(Extracted data begins)

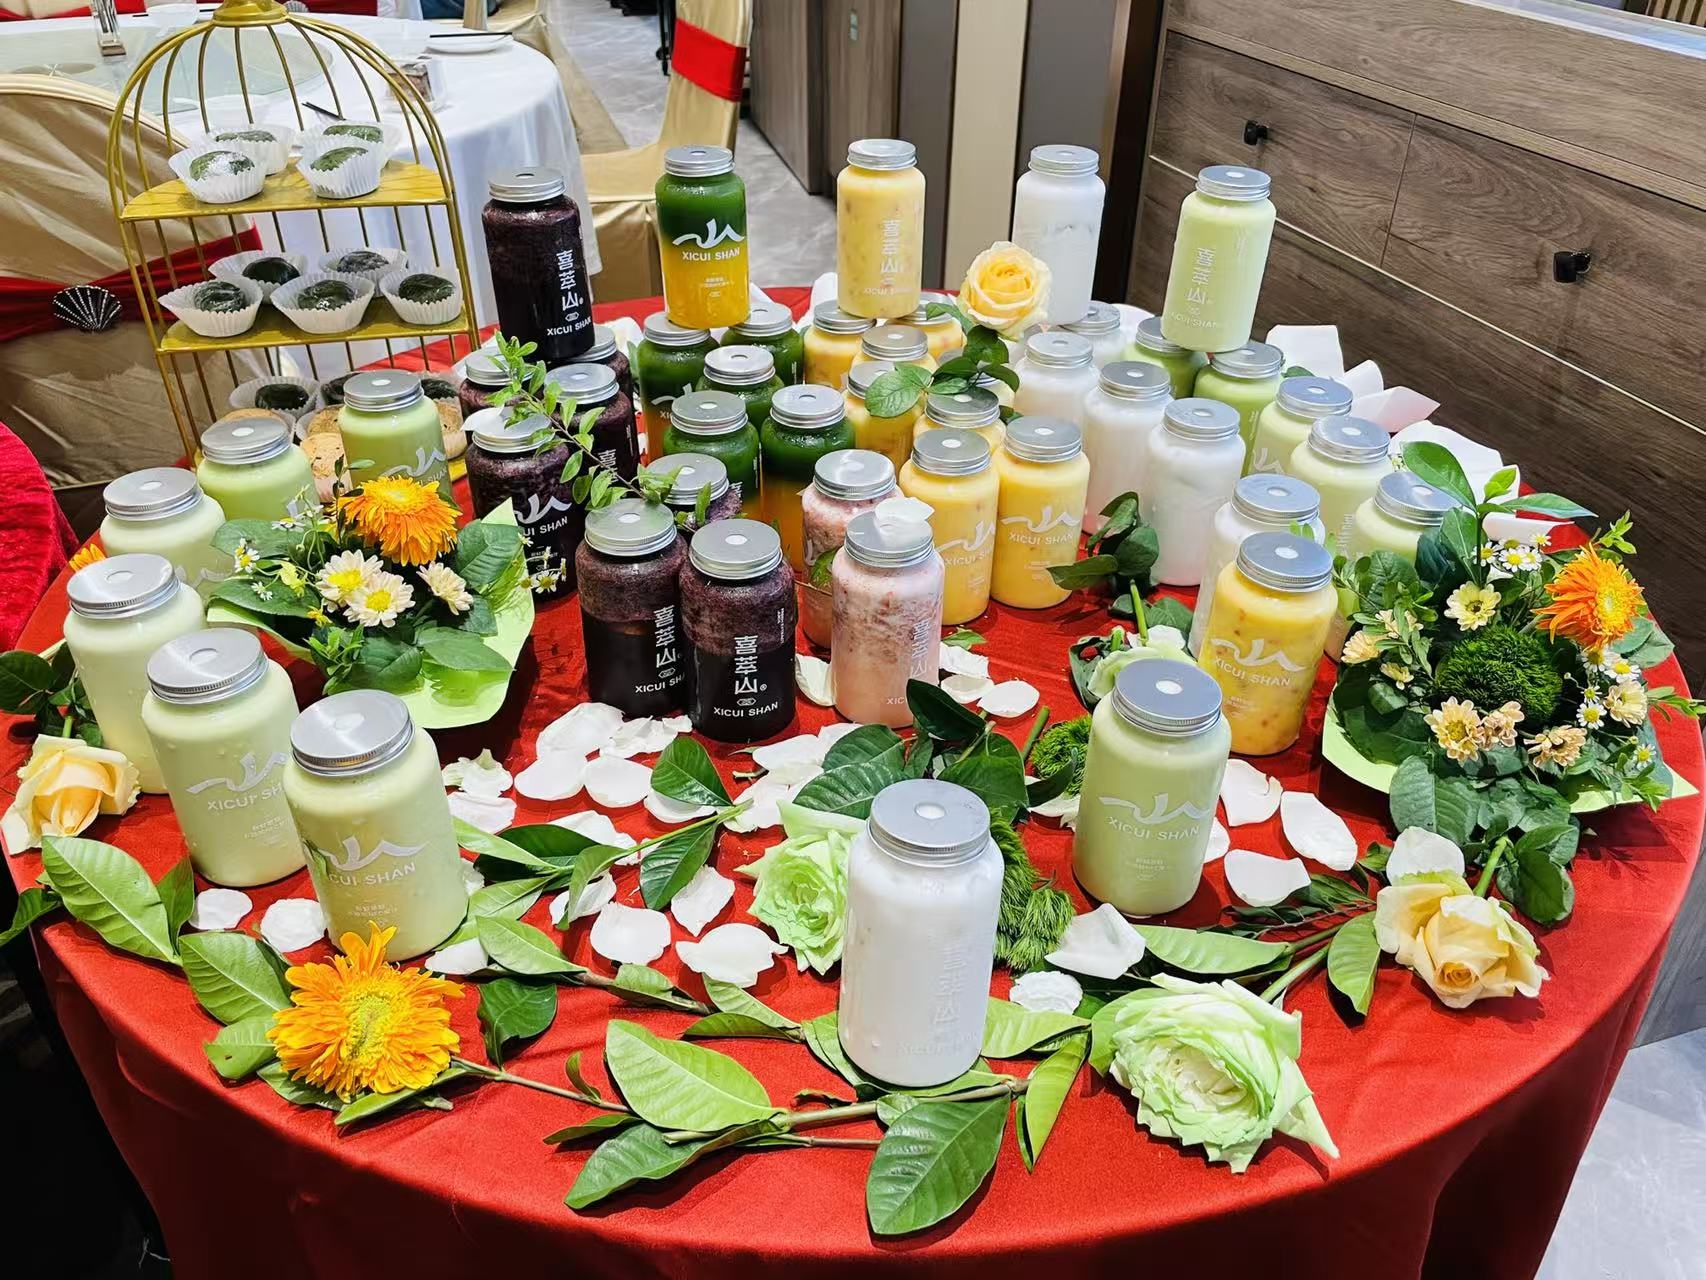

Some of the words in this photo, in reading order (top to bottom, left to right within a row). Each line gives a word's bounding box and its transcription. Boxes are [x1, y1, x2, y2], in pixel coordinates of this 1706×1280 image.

[682, 251, 711, 261] XICUI
[715, 247, 740, 260] SHAN
[547, 324, 573, 336] XICUI
[540, 516, 568, 534] SHAN
[1008, 532, 1041, 545] XICUI
[1045, 532, 1073, 545] SHAN
[734, 635, 758, 695] 喜萃山
[1214, 656, 1246, 679] XICUI
[1249, 673, 1290, 686] SHAN
[635, 682, 666, 693] XICUI
[669, 672, 685, 686] SH
[713, 707, 744, 717] XICUI
[748, 701, 778, 716] SHAN
[208, 794, 255, 810] XICUI
[261, 782, 282, 800] SH
[1108, 816, 1151, 839] XICUI
[1157, 826, 1200, 840] SHAN
[329, 873, 357, 886] CUI
[365, 861, 416, 885] SHAN

(Extracted data ends)

What is needed
Repeat the data word for word. Images are not part of the copy.

Response below
Some of the words in this photo, in reading order (top to bottom, left to right within a row). Each line gives a word's bounding box and its transcription. Boxes are [x1, y1, x2, y2], in pixel coordinates of this 1706×1280 image.

[682, 251, 711, 261] XICUI
[715, 247, 740, 260] SHAN
[547, 324, 573, 336] XICUI
[540, 516, 568, 534] SHAN
[1008, 532, 1041, 545] XICUI
[1045, 532, 1073, 545] SHAN
[734, 635, 758, 695] 喜萃山
[1214, 656, 1246, 679] XICUI
[1249, 673, 1290, 686] SHAN
[635, 682, 666, 693] XICUI
[669, 672, 685, 686] SH
[713, 707, 744, 717] XICUI
[748, 701, 778, 716] SHAN
[208, 794, 255, 810] XICUI
[261, 782, 282, 800] SH
[1108, 816, 1151, 839] XICUI
[1157, 826, 1200, 840] SHAN
[329, 873, 357, 886] CUI
[365, 861, 416, 885] SHAN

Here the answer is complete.